[Annotated photo localization data]
☆ ☆ ☆ ☆ ☆ ☆ ☆

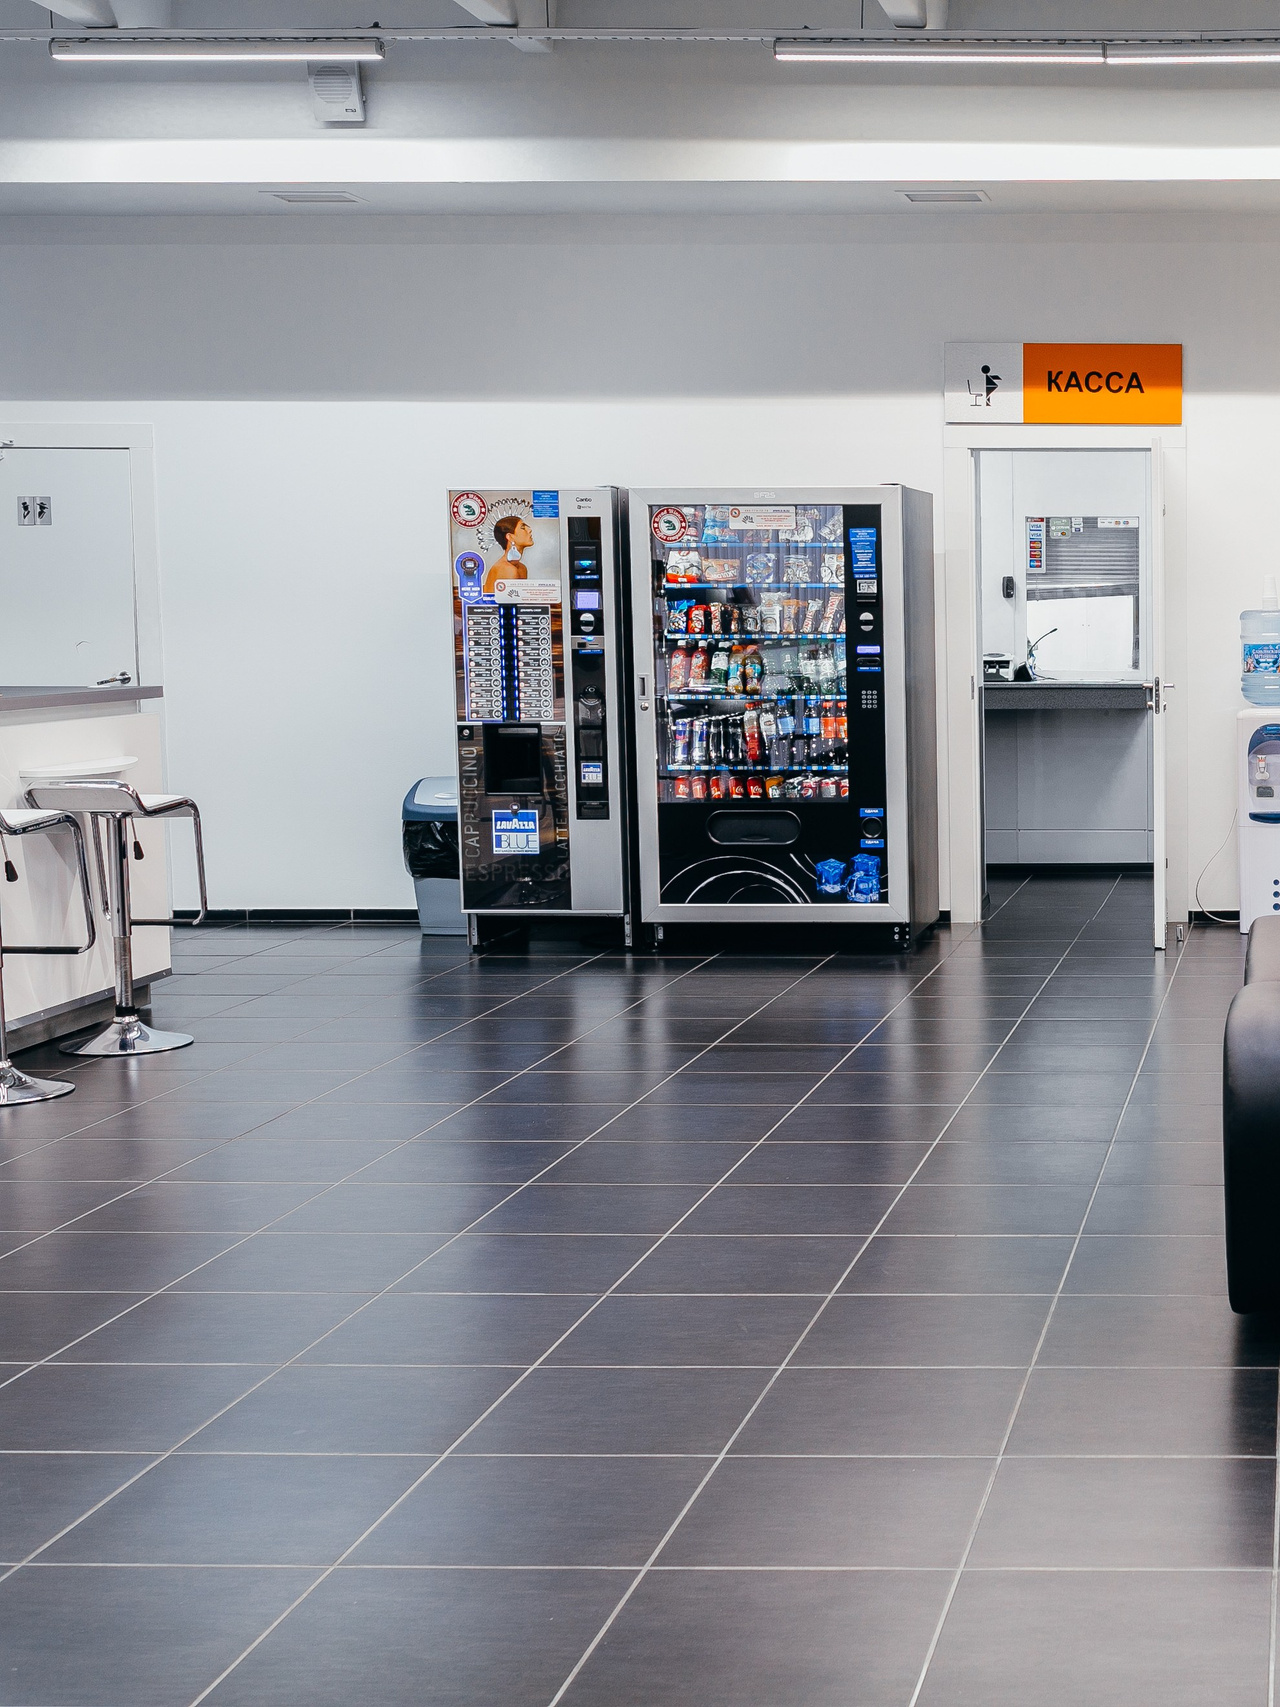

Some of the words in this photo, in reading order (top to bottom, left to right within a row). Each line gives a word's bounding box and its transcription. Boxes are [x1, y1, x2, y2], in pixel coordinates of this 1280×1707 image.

[1047, 370, 1145, 394] КАССА
[554, 733, 568, 811] MACCHIATO
[496, 818, 535, 830] LAVAZZA
[495, 834, 538, 849] BLUE
[556, 818, 568, 858] LATTE
[464, 864, 570, 882] ESPRESSO
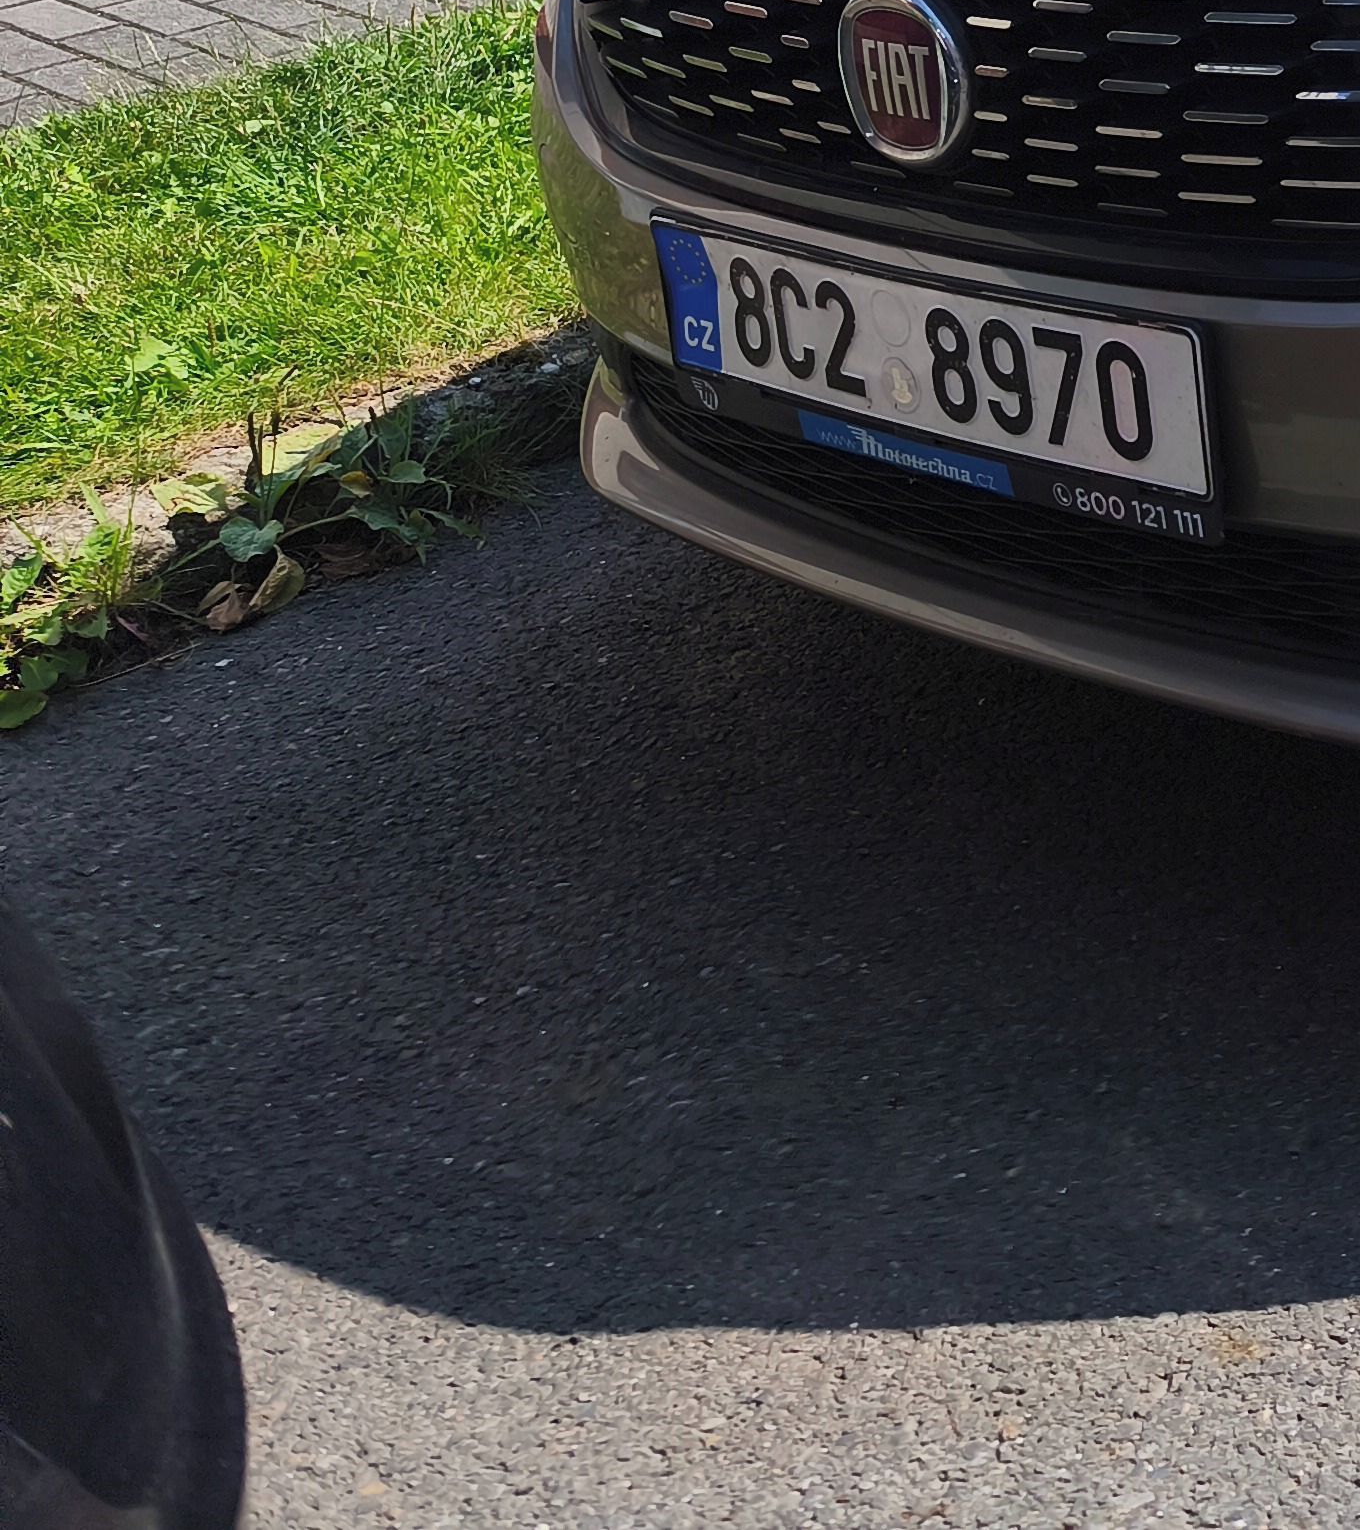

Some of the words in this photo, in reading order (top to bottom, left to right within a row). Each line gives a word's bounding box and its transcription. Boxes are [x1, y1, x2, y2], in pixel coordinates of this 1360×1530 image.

[861, 38, 931, 120] FIAT
[683, 315, 715, 352] CZ
[729, 256, 867, 399] 8C2
[925, 307, 1154, 462] 8970
[1075, 487, 1125, 520] 800
[1131, 500, 1167, 530] 121
[1173, 509, 1204, 538] 111

☆ ☆ ☆ ☆ ☆ ☆ ☆

* [Required action]: From the first line to the last, write out the data exactly, omitting any pictures.

* [The answer]:
Some of the words in this photo, in reading order (top to bottom, left to right within a row). Each line gives a word's bounding box and its transcription. Boxes are [x1, y1, x2, y2], in pixel coordinates of this 1280×1707 image.

[1047, 370, 1145, 394] КАССА
[554, 733, 568, 811] MACCHIATO
[496, 818, 535, 830] LAVAZZA
[495, 834, 538, 849] BLUE
[556, 818, 568, 858] LATTE
[464, 864, 570, 882] ESPRESSO

Some of the words in this photo, in reading order (top to bottom, left to right within a row). Each line gives a word's bounding box and its transcription. Boxes are [x1, y1, x2, y2], in pixel coordinates of this 1360×1530 image.

[861, 38, 931, 120] FIAT
[683, 315, 715, 352] CZ
[729, 256, 867, 399] 8C2
[925, 307, 1154, 462] 8970
[1075, 487, 1125, 520] 800
[1131, 500, 1167, 530] 121
[1173, 509, 1204, 538] 111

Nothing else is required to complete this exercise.